*Records for the task:*
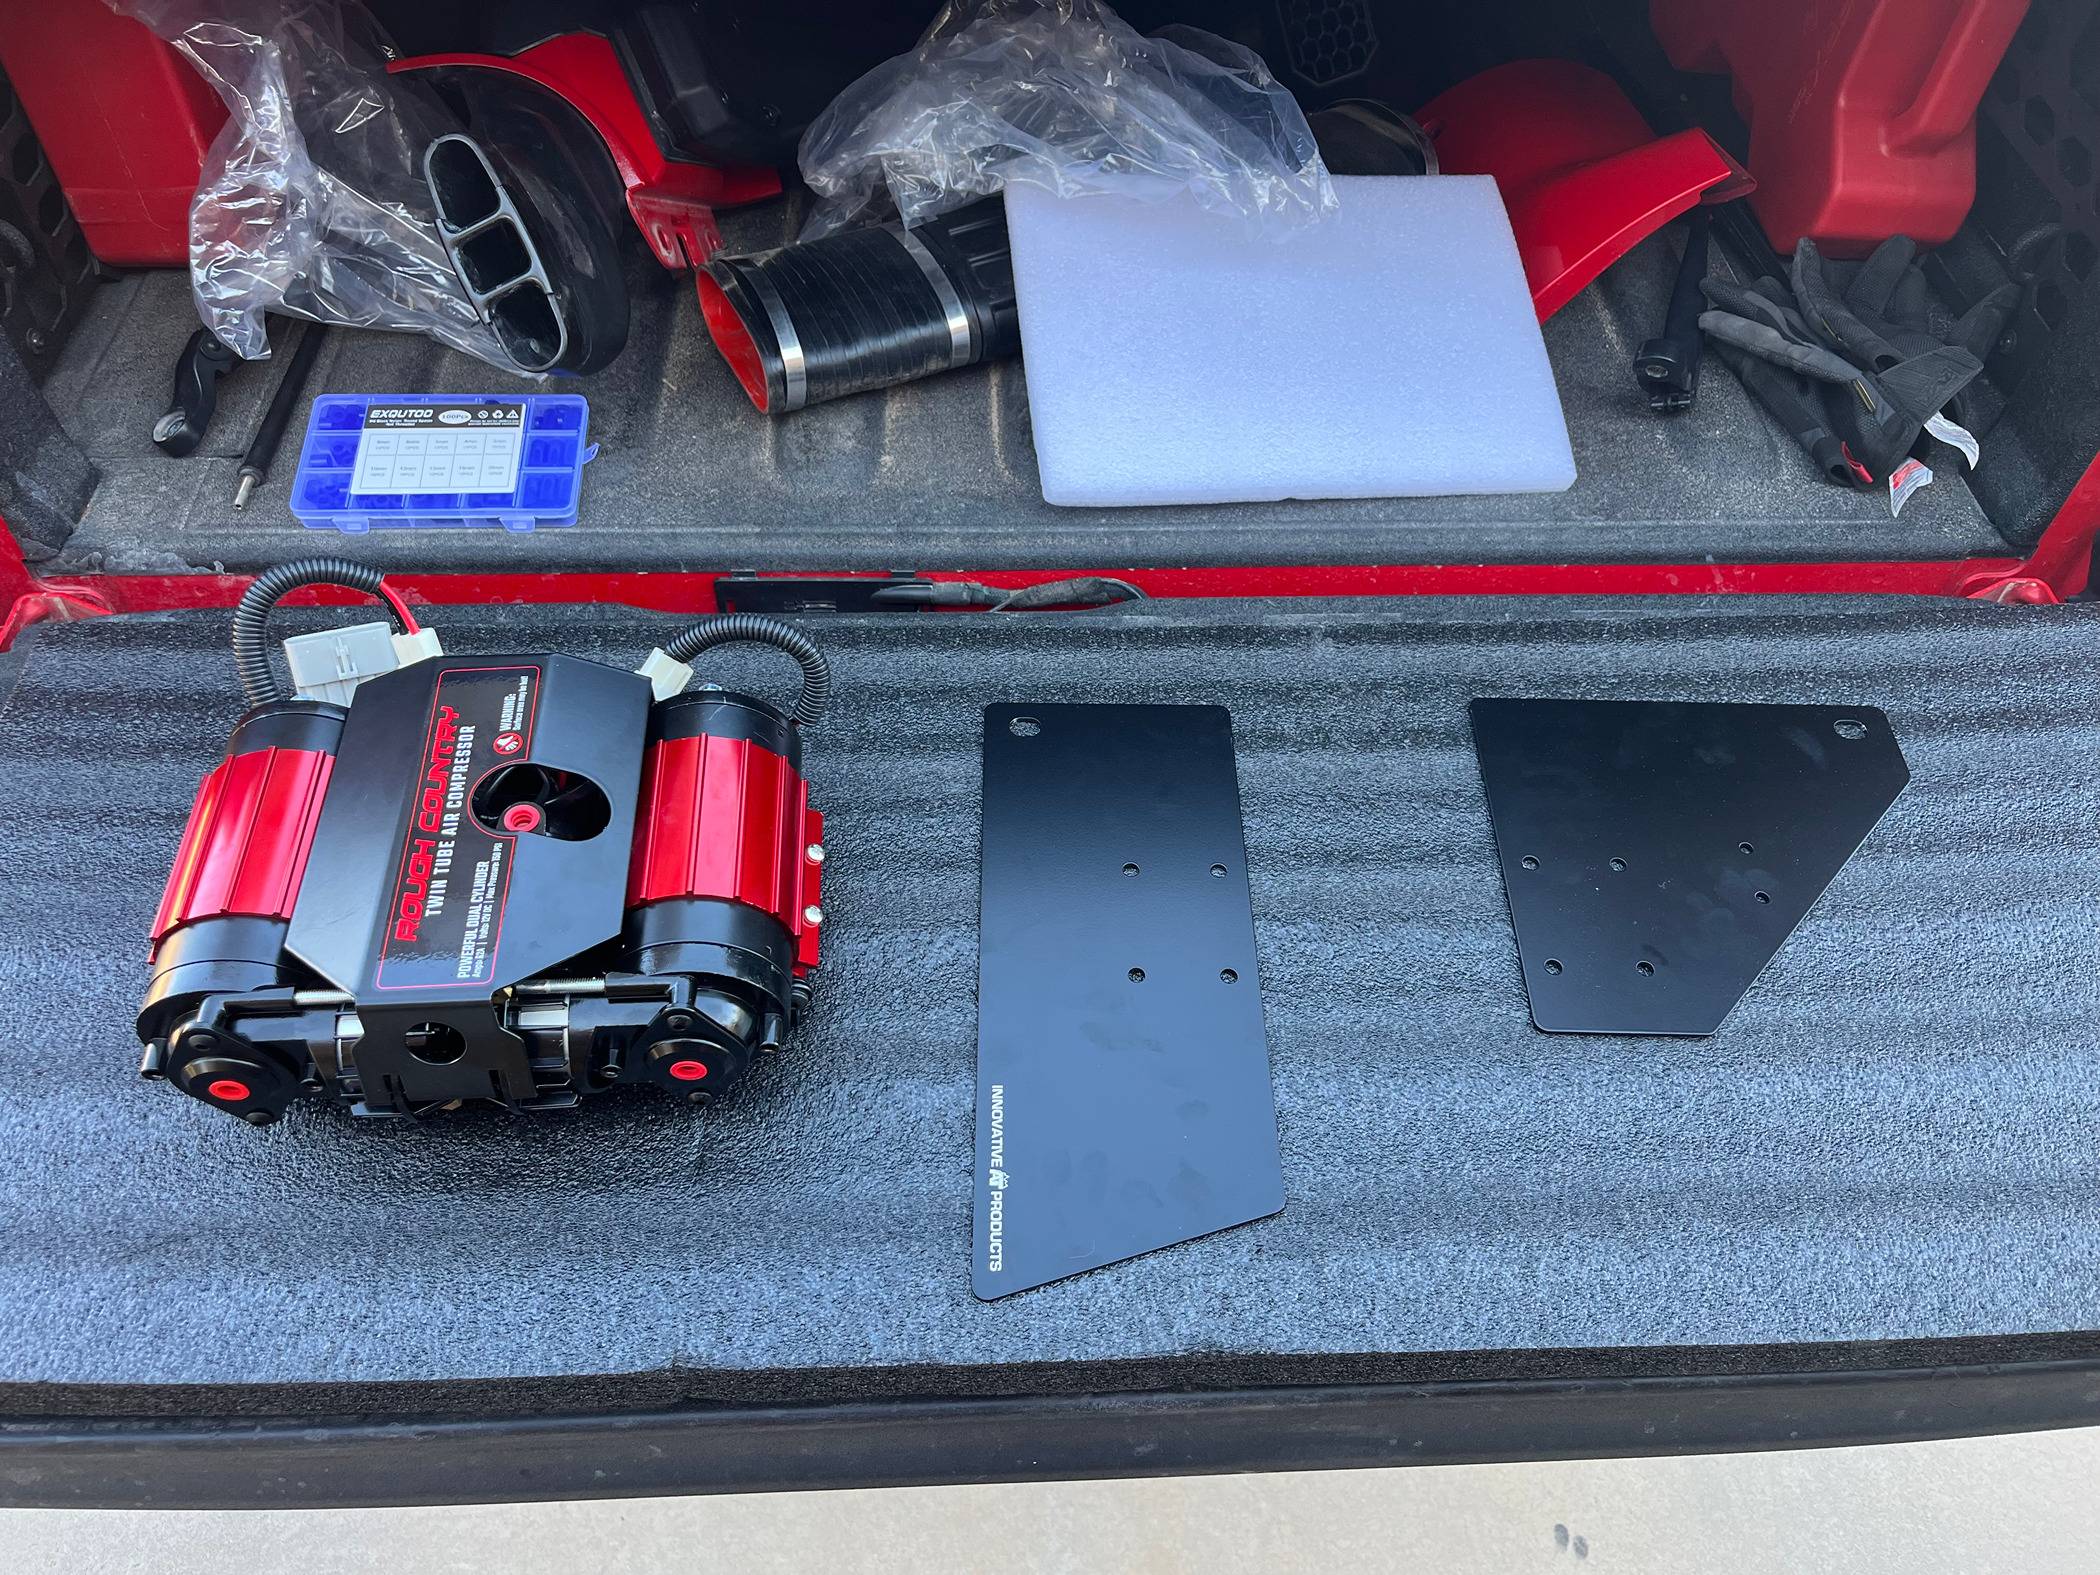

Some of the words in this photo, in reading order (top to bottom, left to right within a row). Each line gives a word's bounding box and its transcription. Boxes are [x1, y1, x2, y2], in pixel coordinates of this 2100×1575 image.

[499, 694, 517, 731] WARNING:
[446, 725, 476, 808] COMPRESSOR
[395, 838, 436, 941] ROUGH
[416, 705, 459, 833] COUNTRY
[442, 813, 461, 835] AIR
[432, 841, 456, 874] TUBE
[490, 852, 502, 861] 150
[493, 843, 503, 851] PSI
[425, 880, 448, 917] TWIN
[470, 861, 489, 902] CYLINDER
[466, 904, 482, 927] DUAL
[481, 914, 491, 922] 12V
[483, 905, 492, 913] DC
[457, 928, 477, 978] POWERFUL
[991, 1085, 1003, 1167] INNOVATIVE
[989, 1191, 1003, 1272] PRODUCTS

*Exercise directions:*
The entire listing is to be printed exactly, with each picture omitted.

*Result below:*
Some of the words in this photo, in reading order (top to bottom, left to right within a row). Each line gives a word's bounding box and its transcription. Boxes are [x1, y1, x2, y2], in pixel coordinates of this 2100×1575 image.

[499, 694, 517, 731] WARNING:
[446, 725, 476, 808] COMPRESSOR
[395, 838, 436, 941] ROUGH
[416, 705, 459, 833] COUNTRY
[442, 813, 461, 835] AIR
[432, 841, 456, 874] TUBE
[490, 852, 502, 861] 150
[493, 843, 503, 851] PSI
[425, 880, 448, 917] TWIN
[470, 861, 489, 902] CYLINDER
[466, 904, 482, 927] DUAL
[481, 914, 491, 922] 12V
[483, 905, 492, 913] DC
[457, 928, 477, 978] POWERFUL
[991, 1085, 1003, 1167] INNOVATIVE
[989, 1191, 1003, 1272] PRODUCTS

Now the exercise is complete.